[Image-backed grounding data]
=== Begin Enclosure ===

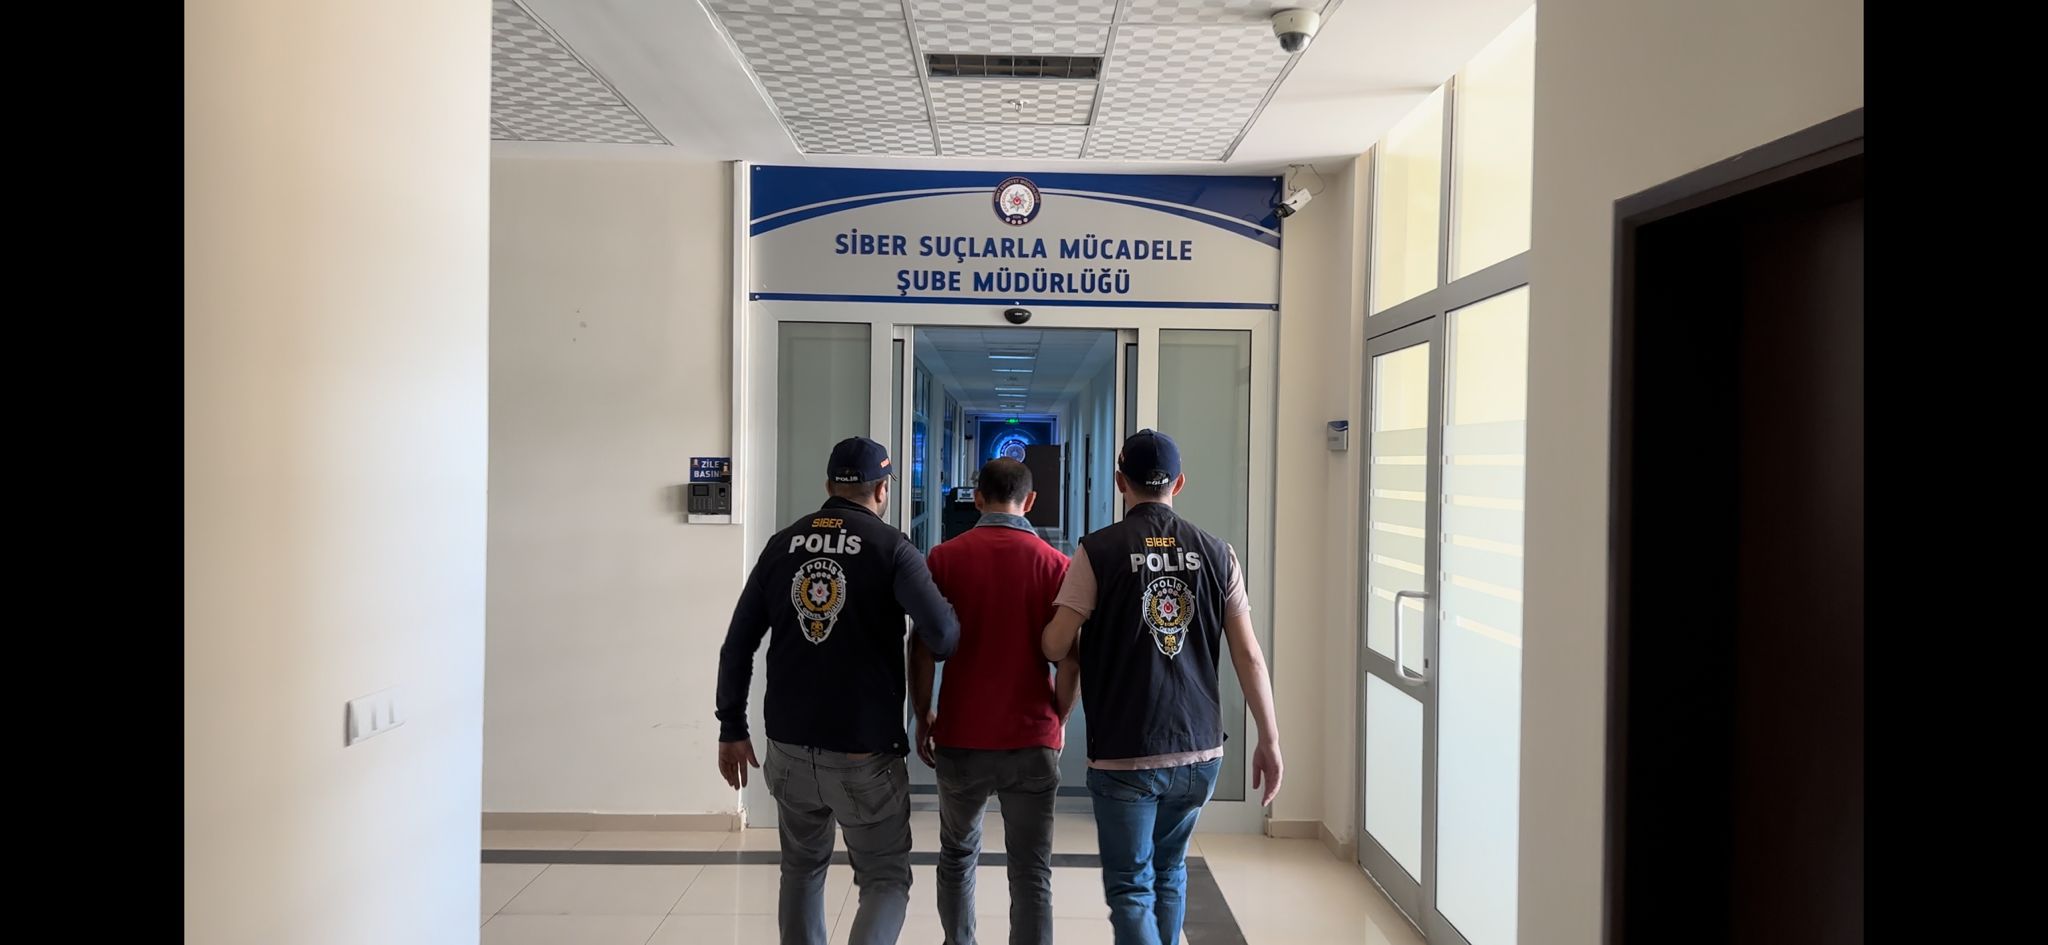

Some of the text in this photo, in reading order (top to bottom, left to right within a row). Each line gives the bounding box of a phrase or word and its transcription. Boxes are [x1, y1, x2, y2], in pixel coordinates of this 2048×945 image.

[835, 228, 1192, 264] SİBER SUÇLARLA MÜCADELE
[896, 267, 1130, 296] ŞUBE MÜDÜRLÜĞÜ
[788, 529, 862, 555] POLİS
[1130, 547, 1201, 573] POLİS

=== End Enclosure ===

Brief – Copy out all of the entries exactly as they stand, with no pictures in your copy.

Exercise result –
Some of the text in this photo, in reading order (top to bottom, left to right within a row). Each line gives the bounding box of a phrase or word and its transcription. Boxes are [x1, y1, x2, y2], in pixel coordinates of this 2048×945 image.

[835, 228, 1192, 264] SİBER SUÇLARLA MÜCADELE
[896, 267, 1130, 296] ŞUBE MÜDÜRLÜĞÜ
[788, 529, 862, 555] POLİS
[1130, 547, 1201, 573] POLİS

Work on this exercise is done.